Car*, lo strumento di crescita di questa settimana riguarda il: Contatto con l'Anima.

Il contatto con l'Anima è necessario per liberarci dai condizionamenti emotivi e mentali che offuscano la visione della realtà e ci costringono in situazioni conflittuali e dolorose.

L'Anima è la nostra essenza, il nostro vero essere. Quando stabiliamo un contatto con Essa, seppur fugace, ascoltiamo la sua voce silenziosa che ci indica la giusta direzione.

Per ottenere il contatto animico o, in altri termini, fare l'esperienza del profondo, del sublime o delle vette, che dir si voglia, occorre come primo impulso aspirare al contatto stesso.

Può esserci d'aiuto la "stella del contatto" che trovate nella sezione dei "Sussidi didattici". Consiste di sei punti che rappresentano le fasi o scalini da salire per arrivare alla soglia dell'Anima: il settimo punto che sta al centro.

Il primo punto è quello del distacco.

Occorre distaccarci dalla identificazione nel veicolo inferiore della personalità in cui ci troviamo. Il ché significa disidentificarci dall'evento personale o dalla situazione emotiva che ci condiziona, non alimentandola più energeticamente. Il distacco ci consente di effettuare l'osservazione di quello stato d'animo o situazione in cui ci eravamo identificati. L'osservazione ci porta a indagare sul vero significato e causa dell'evento e, man mano, trasmuta o riorienta l'energia verso un piano più reale rispetto all'illusione in cui eravamo immersi. Quell'evento che ci aveva travolto e portato in uno stato emotivo esasperato ora non fa più presa su di noi e quell'energia viene trasmutata in aspirazione al contatto con la nostra vera essenza. Ne consegue un ascolto interiore che ci isola dal frastuono delle contingenze personali e ci conduce alla fonte della verità. Ciò che succede è il contatto con l'Anima che, ponendo la sua "presenza" sulla personalità, infonde chiarezza di intento, visione del reale e giustezza di azione.

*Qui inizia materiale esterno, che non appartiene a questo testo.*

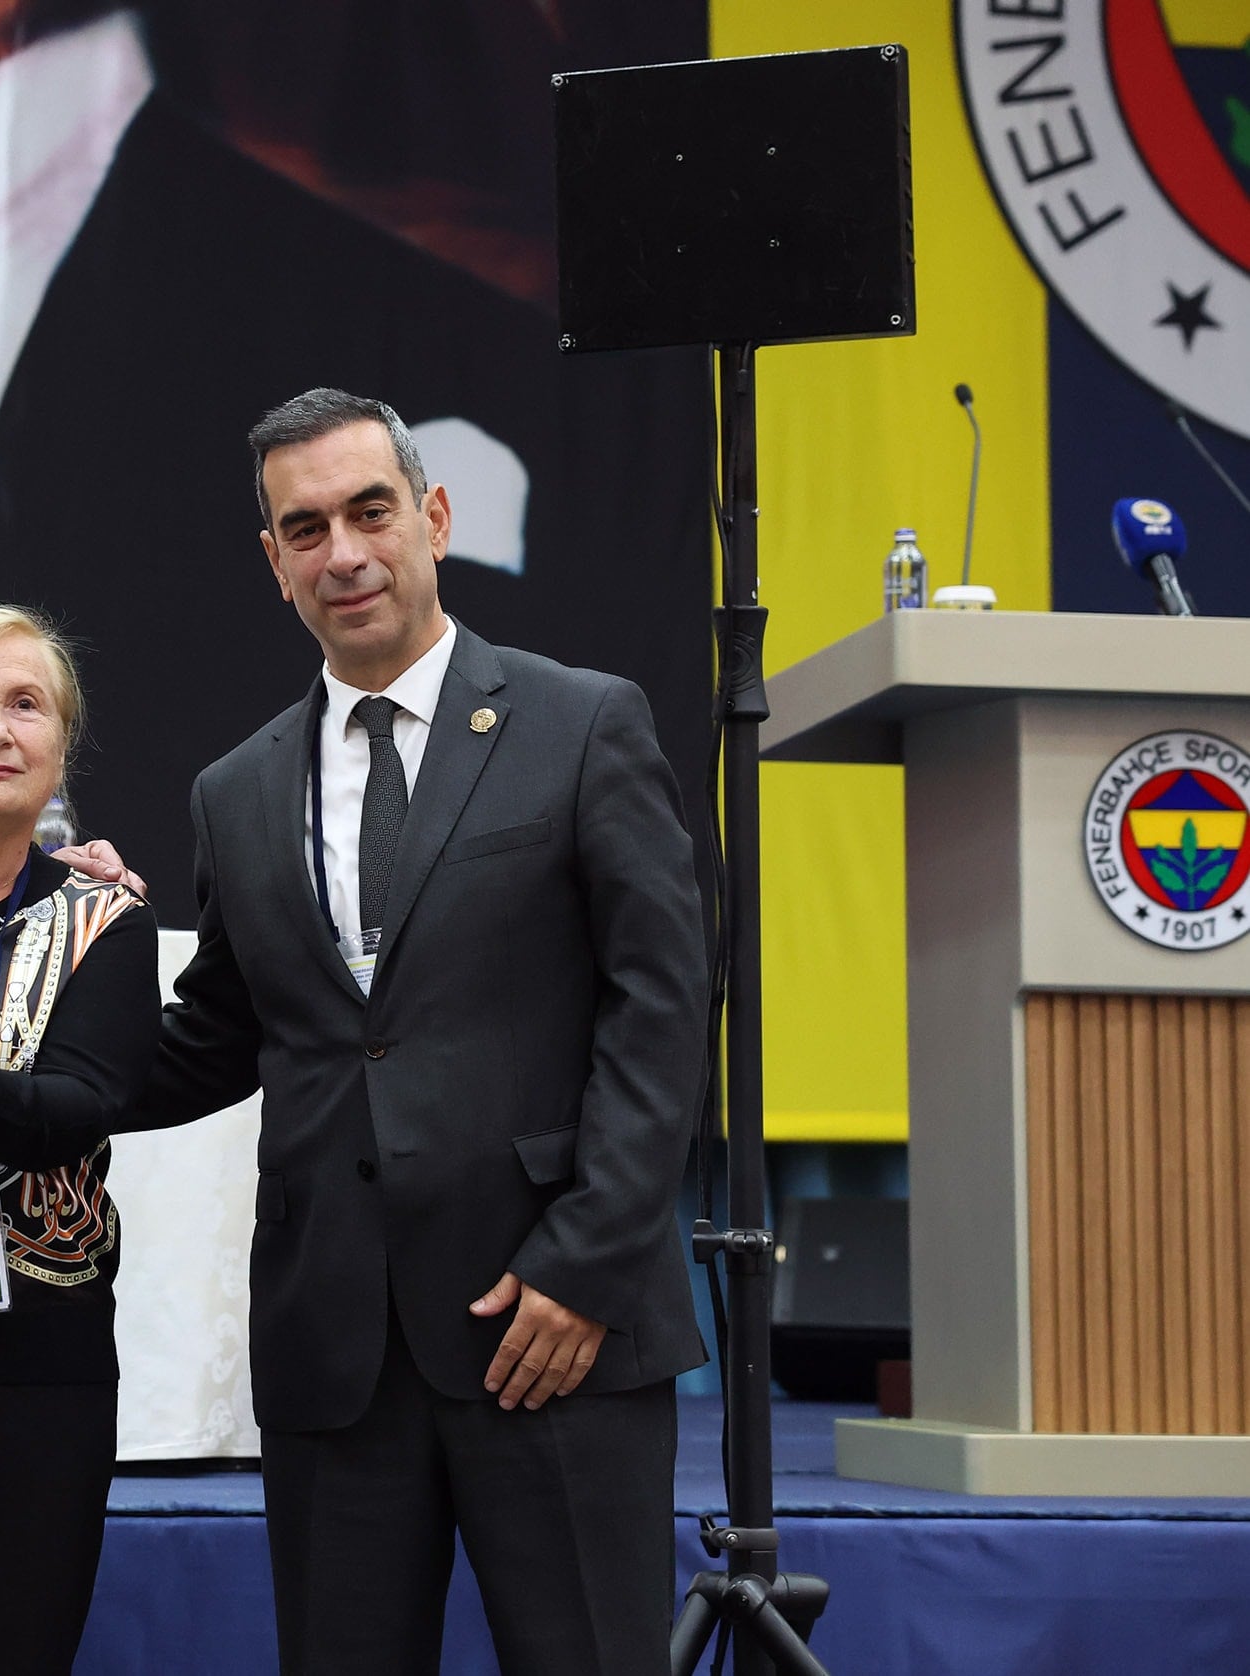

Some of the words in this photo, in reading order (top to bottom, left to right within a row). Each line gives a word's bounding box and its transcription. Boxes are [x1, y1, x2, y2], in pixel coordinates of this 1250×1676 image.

Ogni contatto o esperienza del profondo, ci fa avanzare di uno scalino sulla scala che porta al piano che vien detto dell'illuminazione. Ogni scalino aumenta la "tensione" a quel piano. Raggiunta la giusta tensione l'arco scaglia la freccia, la corda emette il suono, l'elettrone genera un fotone e l'Anima sprigiona la sua luce.
Poiché la luce è il messaggero dell'Amore, in quanto contiene e diffonde l'informazione che unifica tutta l'esistenza, ogni qualvolta contattiamo l'Anima, facciamo esperienza del Suo Amore e della Sua Saggezza.

Esercitiamoci seguendo i punti della "stella del contatto" e ricordiamoci che ogni stella indica un preciso cammino.


Il pensiero seme su cui meditare è: Io resto ricettivo a quell'Amore che è la mia Anima, e la Verità mi viene svelata.

Siate le Anime che siete.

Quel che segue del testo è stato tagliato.